◆ **TASK INSTRUCTIONS**
Nothing but the records themselves, exactly as written and free of pictures, should appear in your response.

◆ **RECORDED INFORMATION**
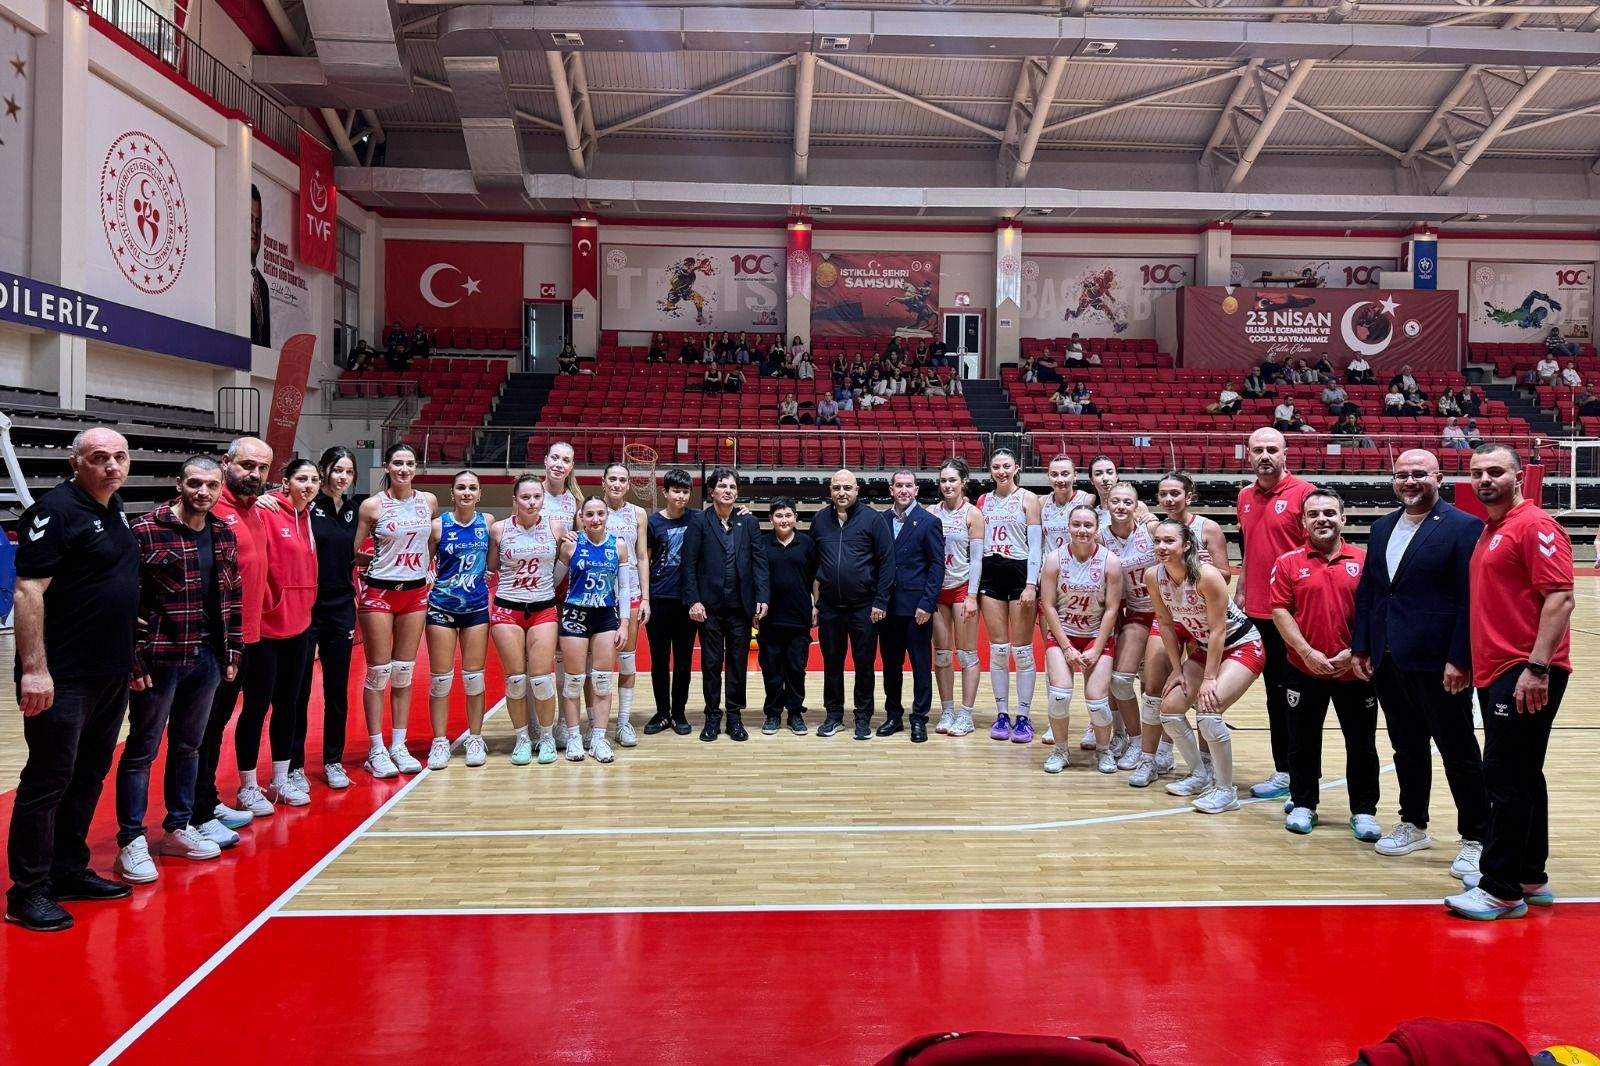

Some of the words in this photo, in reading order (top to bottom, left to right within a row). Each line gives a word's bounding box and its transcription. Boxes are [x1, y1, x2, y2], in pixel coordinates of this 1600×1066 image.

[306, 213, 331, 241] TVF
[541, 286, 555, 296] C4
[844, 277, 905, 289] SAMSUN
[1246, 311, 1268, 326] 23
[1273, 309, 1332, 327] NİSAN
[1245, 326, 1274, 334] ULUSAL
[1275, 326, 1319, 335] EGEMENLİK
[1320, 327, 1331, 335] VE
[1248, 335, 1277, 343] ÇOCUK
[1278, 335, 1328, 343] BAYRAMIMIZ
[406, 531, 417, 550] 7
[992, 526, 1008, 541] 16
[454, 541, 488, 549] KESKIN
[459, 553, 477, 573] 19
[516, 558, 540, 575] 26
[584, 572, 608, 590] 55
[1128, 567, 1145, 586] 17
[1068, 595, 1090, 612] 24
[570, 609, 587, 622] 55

◆ **OUTPUT FOR THIS TASK**
Some of the words in this photo, in reading order (top to bottom, left to right within a row). Each line gives a word's bounding box and its transcription. Boxes are [x1, y1, x2, y2], in pixel coordinates of this 1600×1066 image.

[306, 213, 331, 241] TVF
[541, 286, 555, 296] C4
[844, 277, 905, 289] SAMSUN
[1246, 311, 1268, 326] 23
[1273, 309, 1332, 327] NİSAN
[1245, 326, 1274, 334] ULUSAL
[1275, 326, 1319, 335] EGEMENLİK
[1320, 327, 1331, 335] VE
[1248, 335, 1277, 343] ÇOCUK
[1278, 335, 1328, 343] BAYRAMIMIZ
[406, 531, 417, 550] 7
[992, 526, 1008, 541] 16
[454, 541, 488, 549] KESKIN
[459, 553, 477, 573] 19
[516, 558, 540, 575] 26
[584, 572, 608, 590] 55
[1128, 567, 1145, 586] 17
[1068, 595, 1090, 612] 24
[570, 609, 587, 622] 55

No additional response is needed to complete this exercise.